Extracted data entries
:::

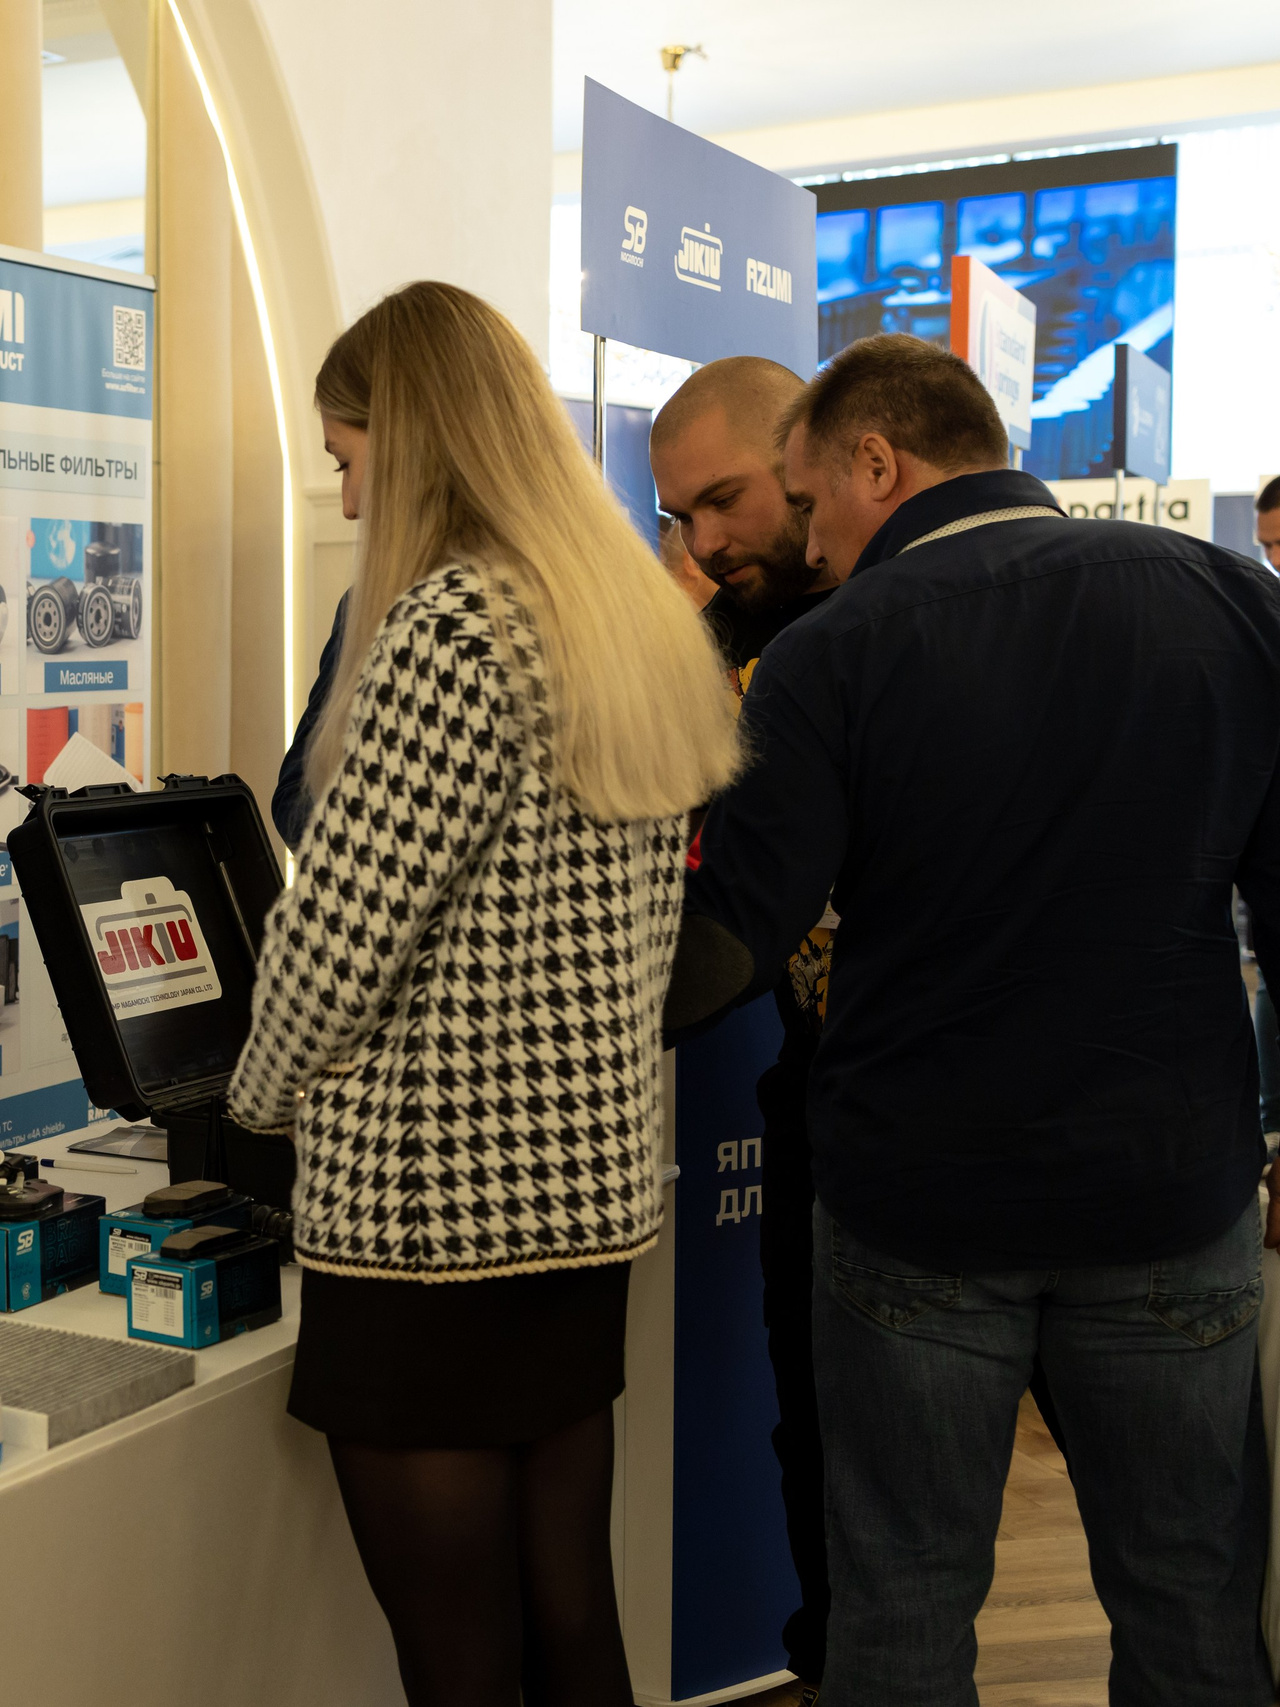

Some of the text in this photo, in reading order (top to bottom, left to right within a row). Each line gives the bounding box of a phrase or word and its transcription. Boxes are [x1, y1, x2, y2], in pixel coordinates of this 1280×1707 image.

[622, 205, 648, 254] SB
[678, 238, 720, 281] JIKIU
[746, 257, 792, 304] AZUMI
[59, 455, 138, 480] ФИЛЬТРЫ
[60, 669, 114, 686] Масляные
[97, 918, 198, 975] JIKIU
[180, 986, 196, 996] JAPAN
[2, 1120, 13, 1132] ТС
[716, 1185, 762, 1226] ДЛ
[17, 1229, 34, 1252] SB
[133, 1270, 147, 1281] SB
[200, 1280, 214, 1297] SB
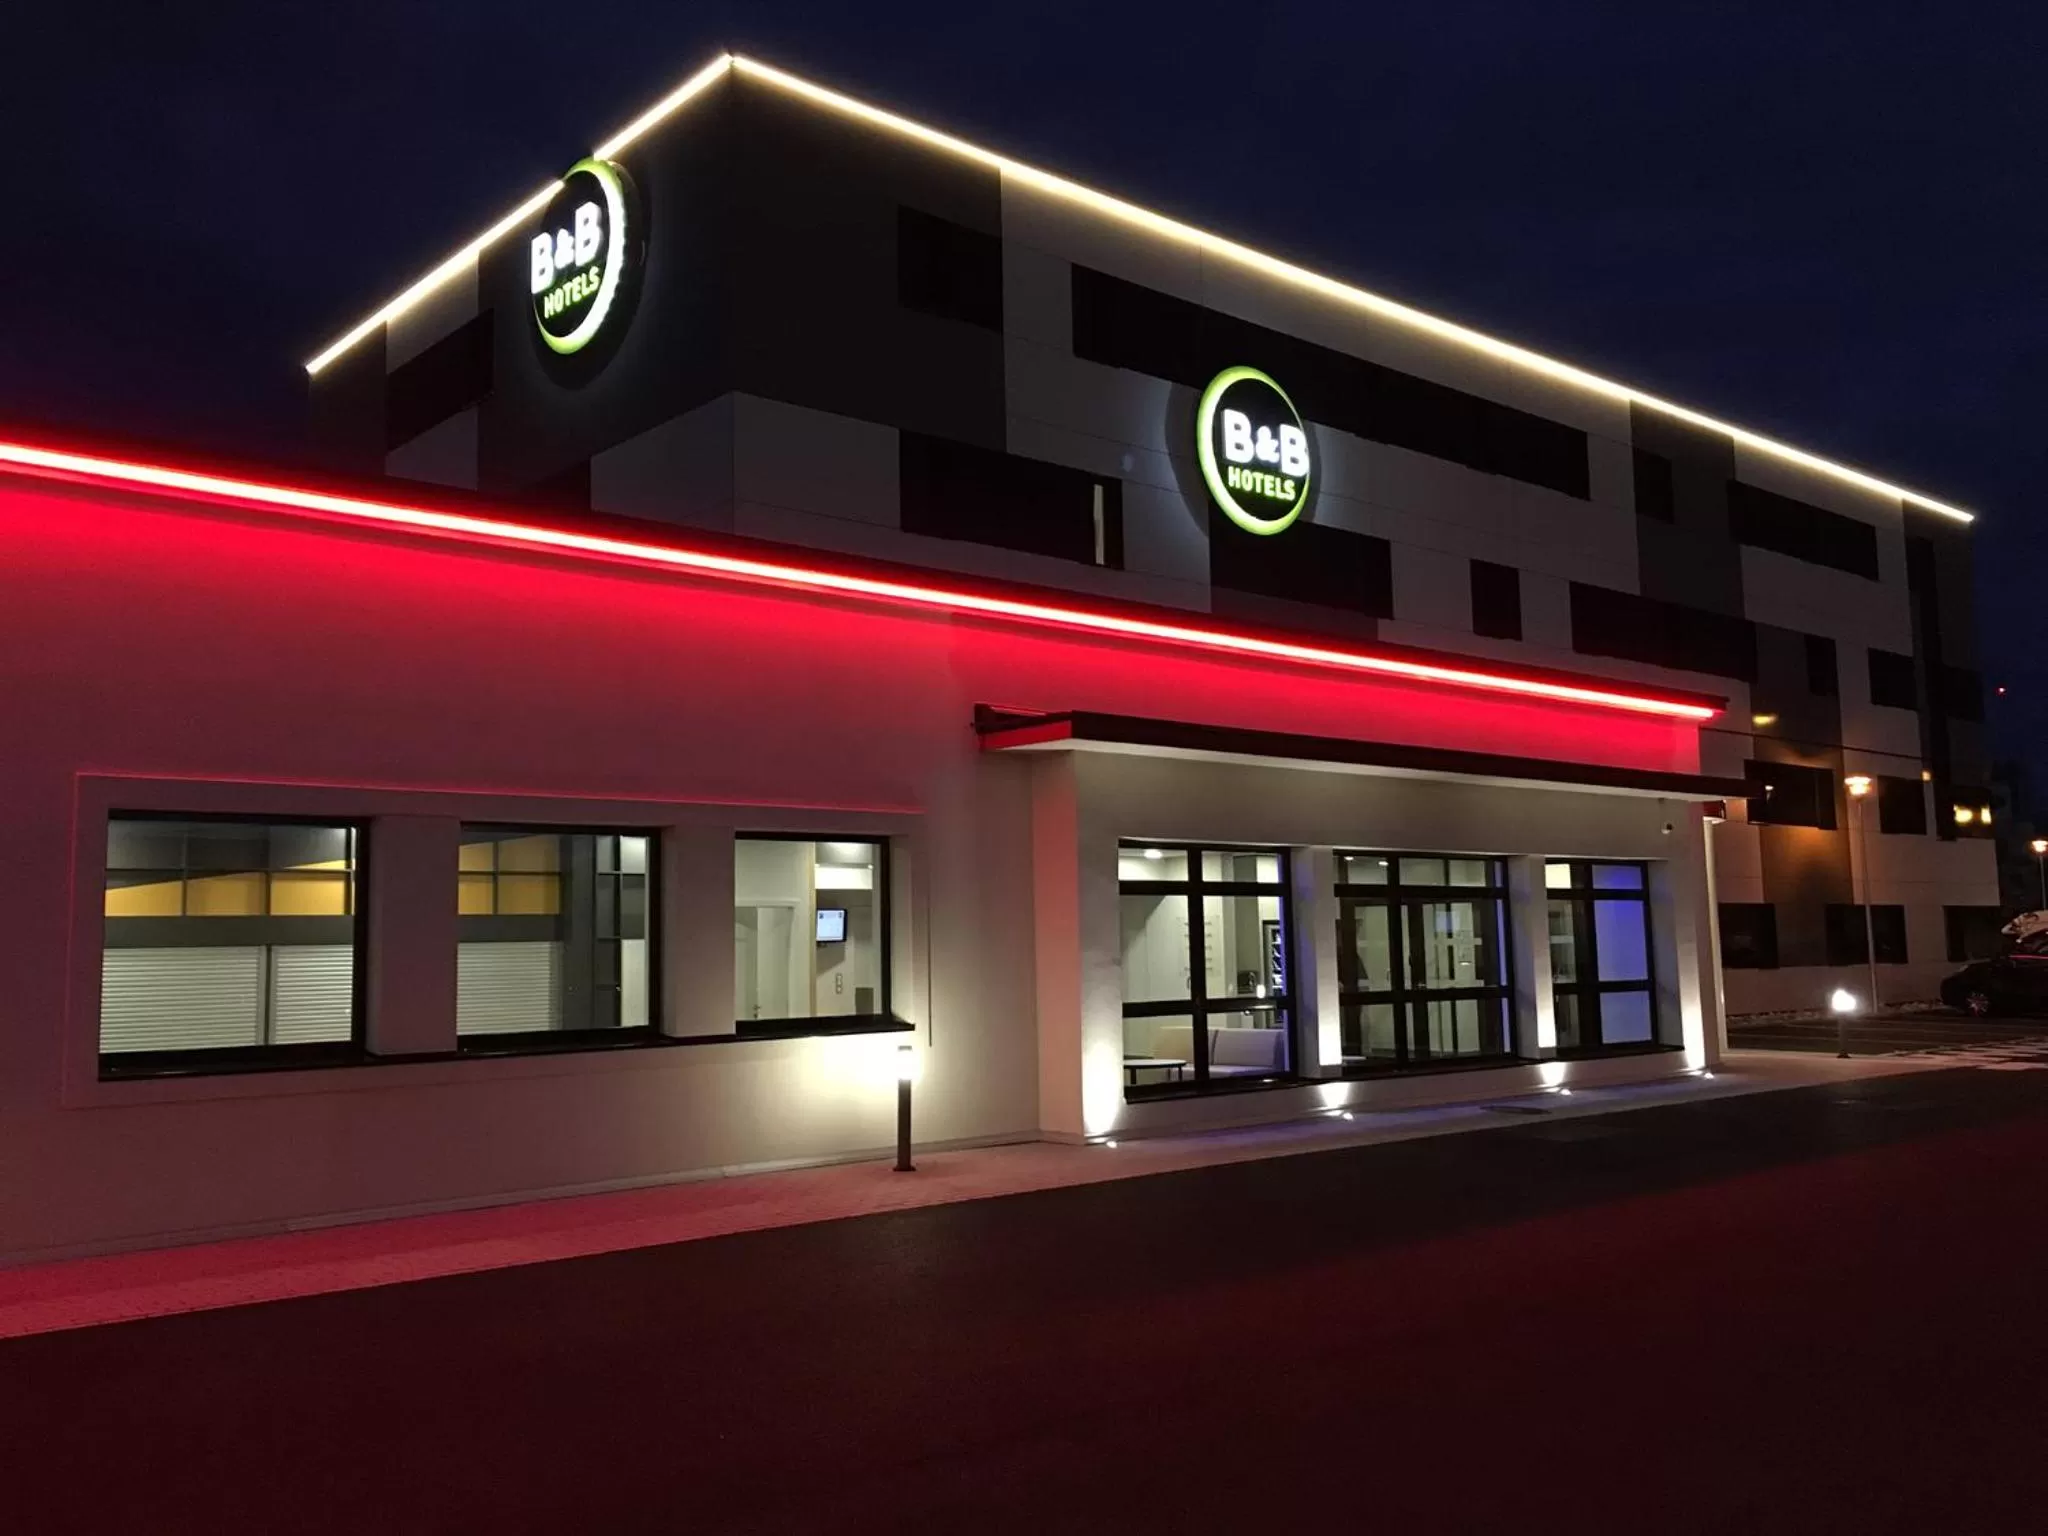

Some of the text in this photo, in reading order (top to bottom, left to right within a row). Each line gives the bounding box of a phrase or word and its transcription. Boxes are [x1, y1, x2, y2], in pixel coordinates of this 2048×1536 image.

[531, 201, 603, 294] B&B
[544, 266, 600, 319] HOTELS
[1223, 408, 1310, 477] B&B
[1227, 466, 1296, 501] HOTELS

:::

Exercise instructions
Reply with an exact copy of the lines running from the one containing "this 2048×1536 image." through the end of the entries above, both ends included.

Finished exercise
Some of the text in this photo, in reading order (top to bottom, left to right within a row). Each line gives the bounding box of a phrase or word and its transcription. Boxes are [x1, y1, x2, y2], in pixel coordinates of this 2048×1536 image.

[531, 201, 603, 294] B&B
[544, 266, 600, 319] HOTELS
[1223, 408, 1310, 477] B&B
[1227, 466, 1296, 501] HOTELS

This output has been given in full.